12 Le roman pour jeune fille réalise une forme d’idéal du spiritualisme chrétien. Le personnage de Sybille porte une réflexion sur le catholicisme. Son enfance, narrée dans la première partie de l’œuvre, reproduit les étapes d’une évolution spirituelle : la prime enfance et son panthéisme primitif, la tentation du protestantisme, celle d’un catholicisme ascétique, et enfin l’accès à une spiritualité apaisée. Histoire de Sybille est également une histoire de la sensibilité religieuse au XIXe siècle.
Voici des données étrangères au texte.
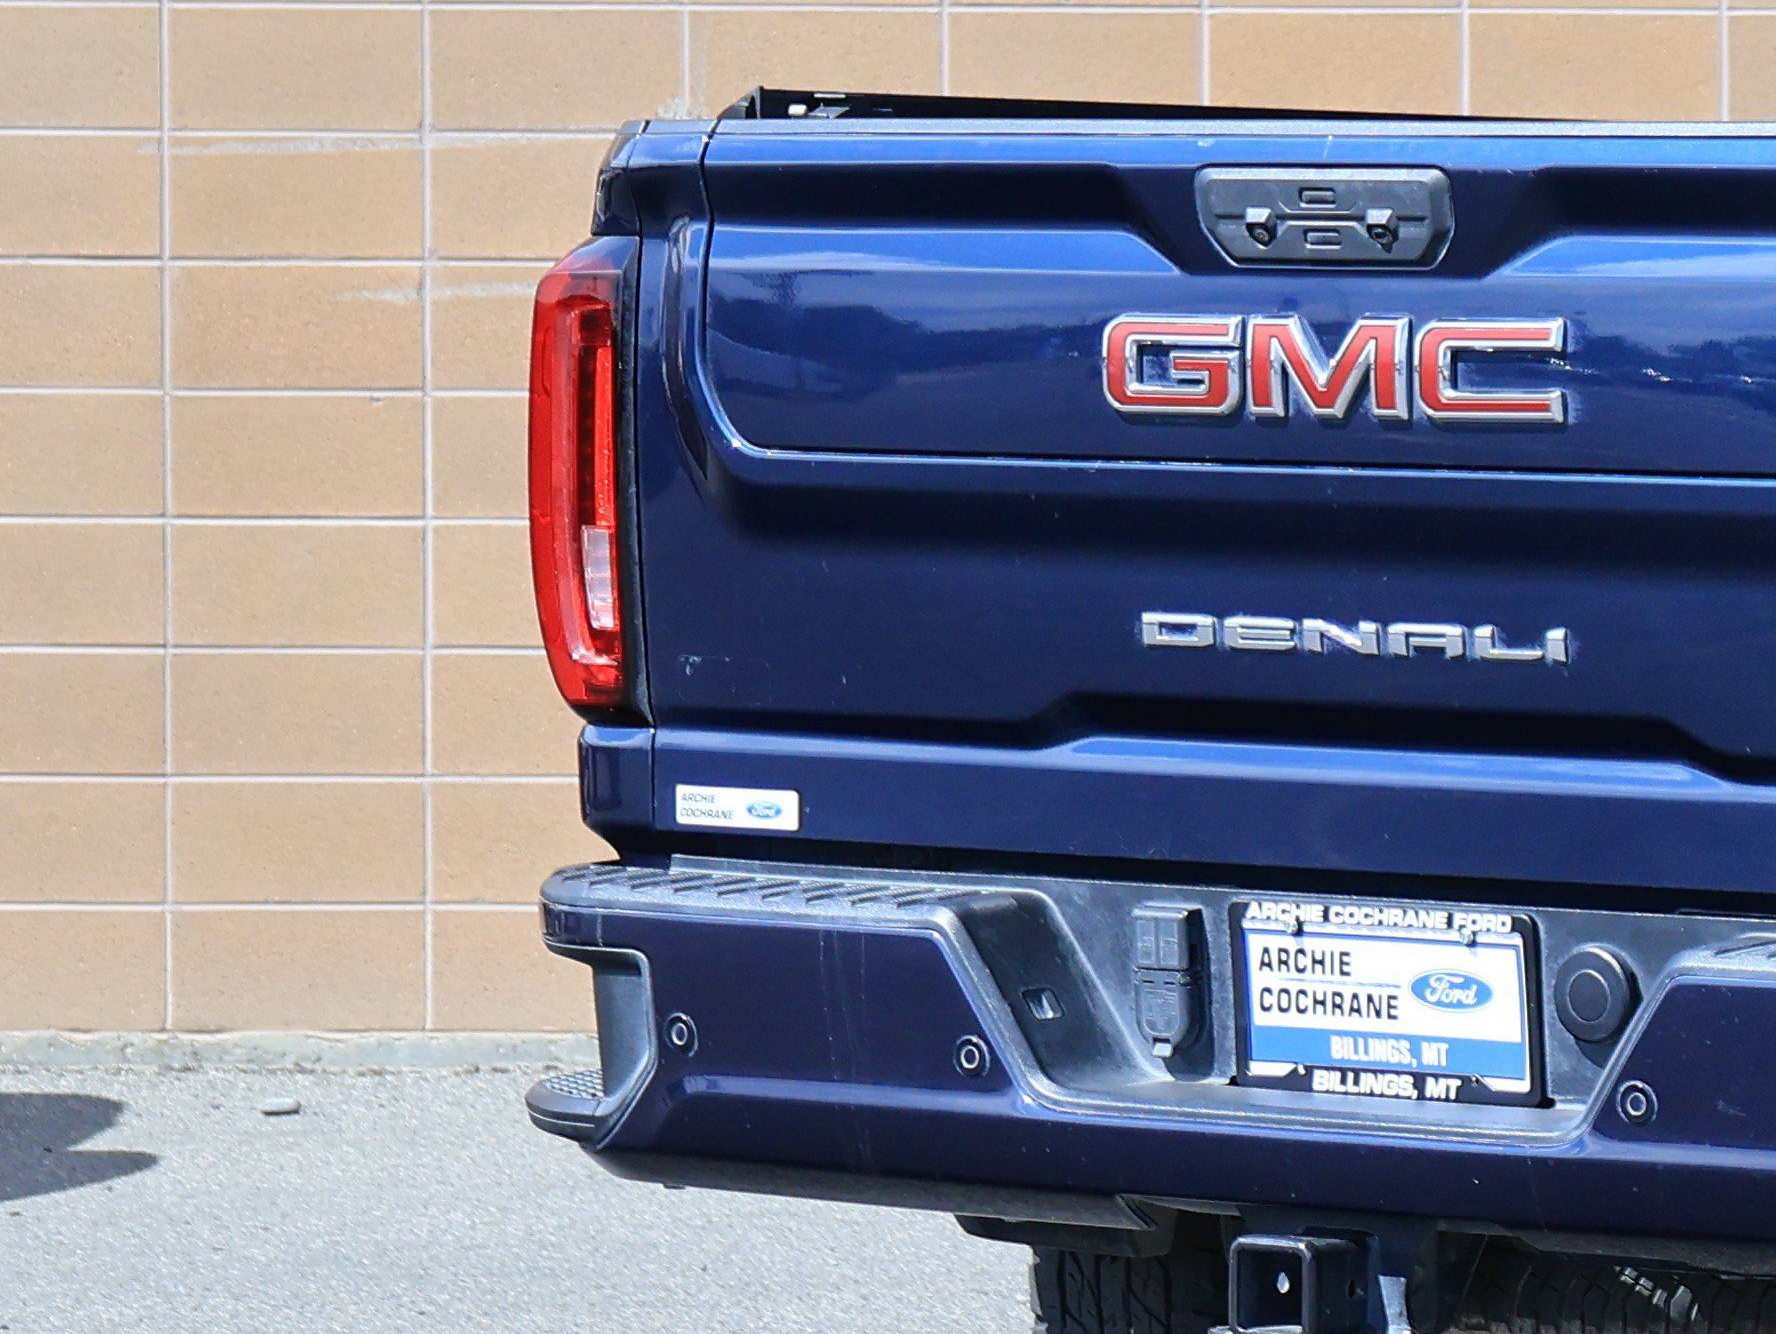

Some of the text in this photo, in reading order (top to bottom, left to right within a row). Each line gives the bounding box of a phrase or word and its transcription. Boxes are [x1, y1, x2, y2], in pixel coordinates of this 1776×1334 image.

Le roman pour jeune fille n’est pas seulement ce roman édifiant destiné à la pieuse pensionnaire, il est aussi le véhicule d’une pensée politique [17]. Des romans comme ceux de Zénaïde Fleuriot, auteur de librairie catholique qui collabora à la « Bibliothèque rose », sont des romans dont la violence politique détonne au regard de l’onction édifiante des maisons d’édition chrétiennes.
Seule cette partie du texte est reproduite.